/---

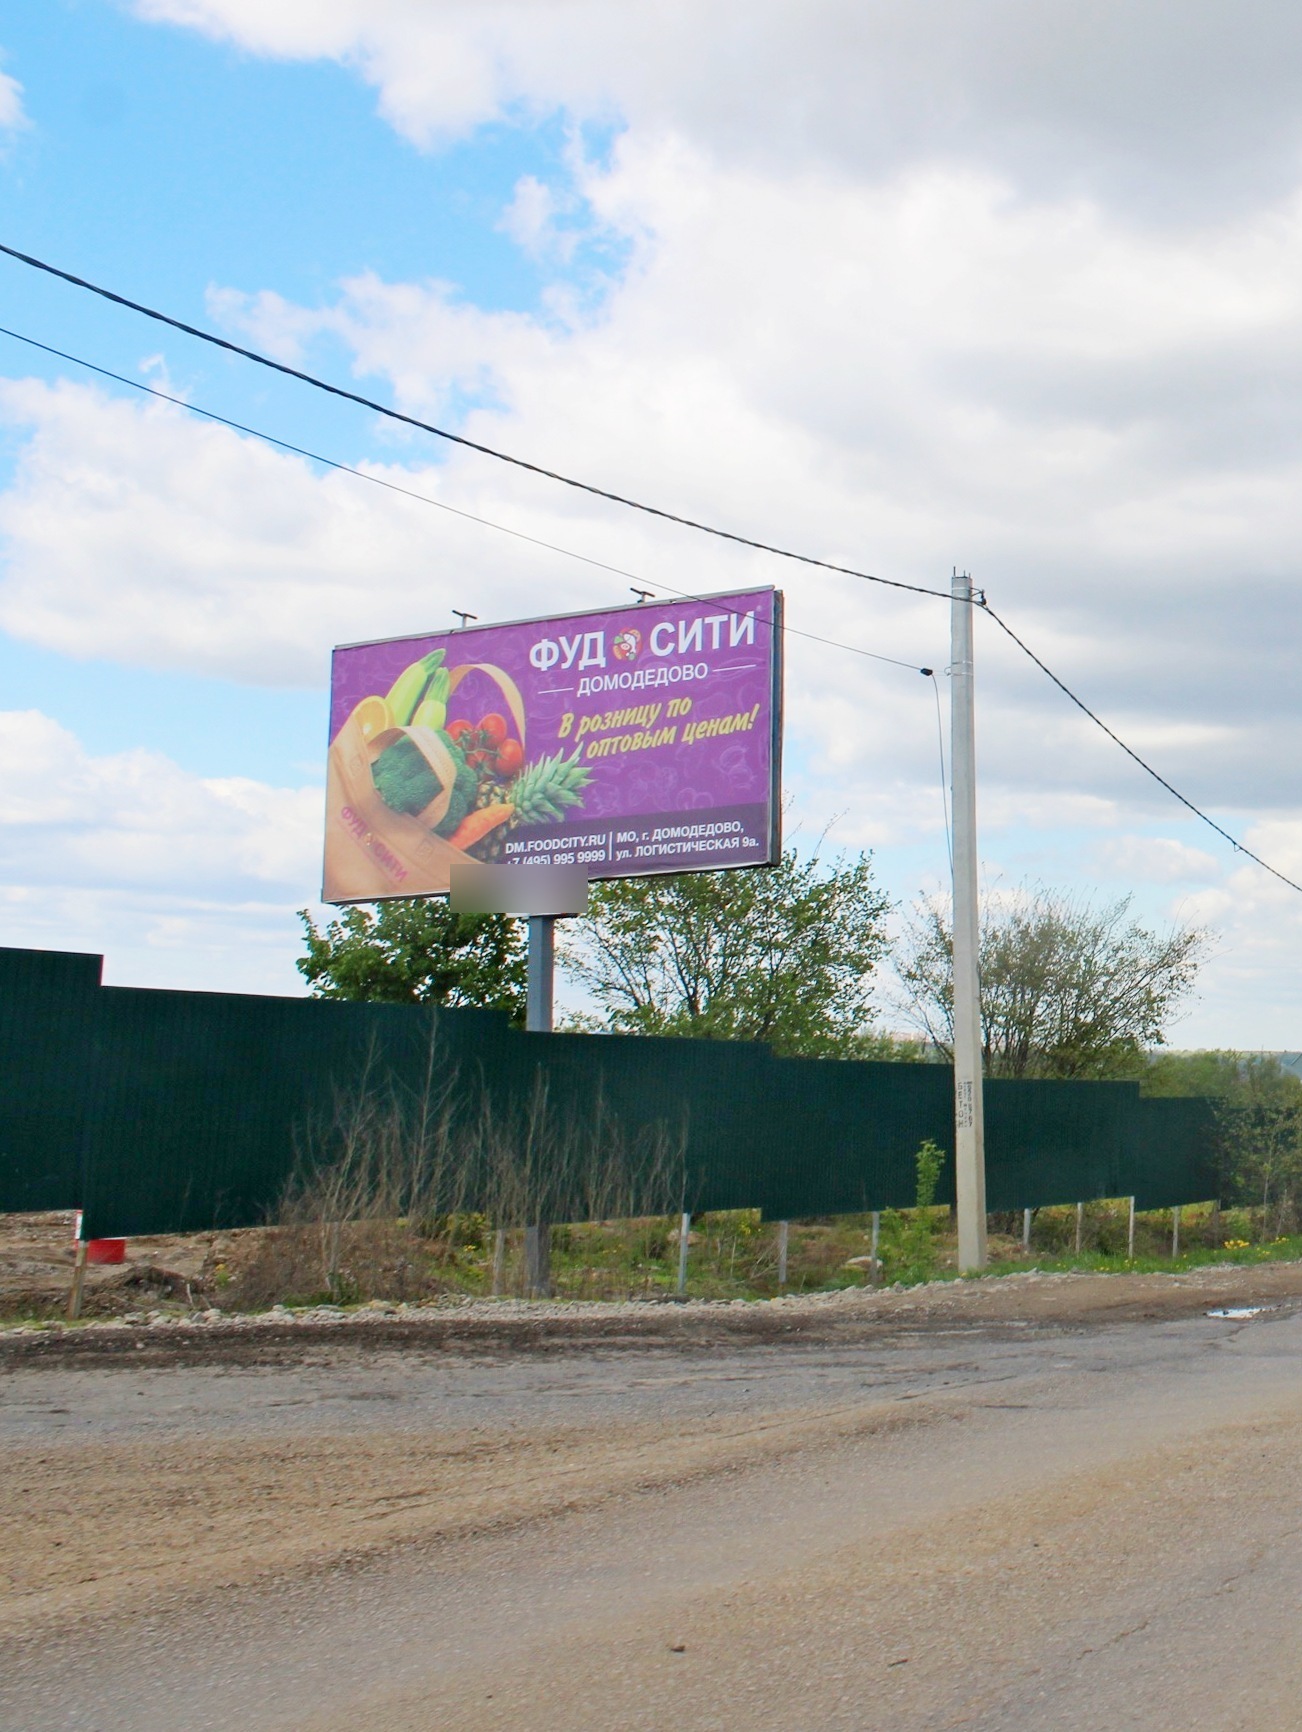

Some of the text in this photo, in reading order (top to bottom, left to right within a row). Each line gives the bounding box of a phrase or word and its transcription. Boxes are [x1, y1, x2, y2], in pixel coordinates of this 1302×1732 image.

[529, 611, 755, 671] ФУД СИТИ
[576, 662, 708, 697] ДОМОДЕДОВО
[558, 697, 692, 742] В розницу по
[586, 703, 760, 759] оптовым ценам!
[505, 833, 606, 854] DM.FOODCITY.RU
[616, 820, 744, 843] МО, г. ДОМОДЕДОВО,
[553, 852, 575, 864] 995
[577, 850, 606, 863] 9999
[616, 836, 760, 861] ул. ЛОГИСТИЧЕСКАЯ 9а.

\---

Please retype the data exactly as it appears, but without any of its pictures.

Some of the text in this photo, in reading order (top to bottom, left to right within a row). Each line gives the bounding box of a phrase or word and its transcription. Boxes are [x1, y1, x2, y2], in pixel coordinates of this 1302×1732 image.

[529, 611, 755, 671] ФУД СИТИ
[576, 662, 708, 697] ДОМОДЕДОВО
[558, 697, 692, 742] В розницу по
[586, 703, 760, 759] оптовым ценам!
[505, 833, 606, 854] DM.FOODCITY.RU
[616, 820, 744, 843] МО, г. ДОМОДЕДОВО,
[553, 852, 575, 864] 995
[577, 850, 606, 863] 9999
[616, 836, 760, 861] ул. ЛОГИСТИЧЕСКАЯ 9а.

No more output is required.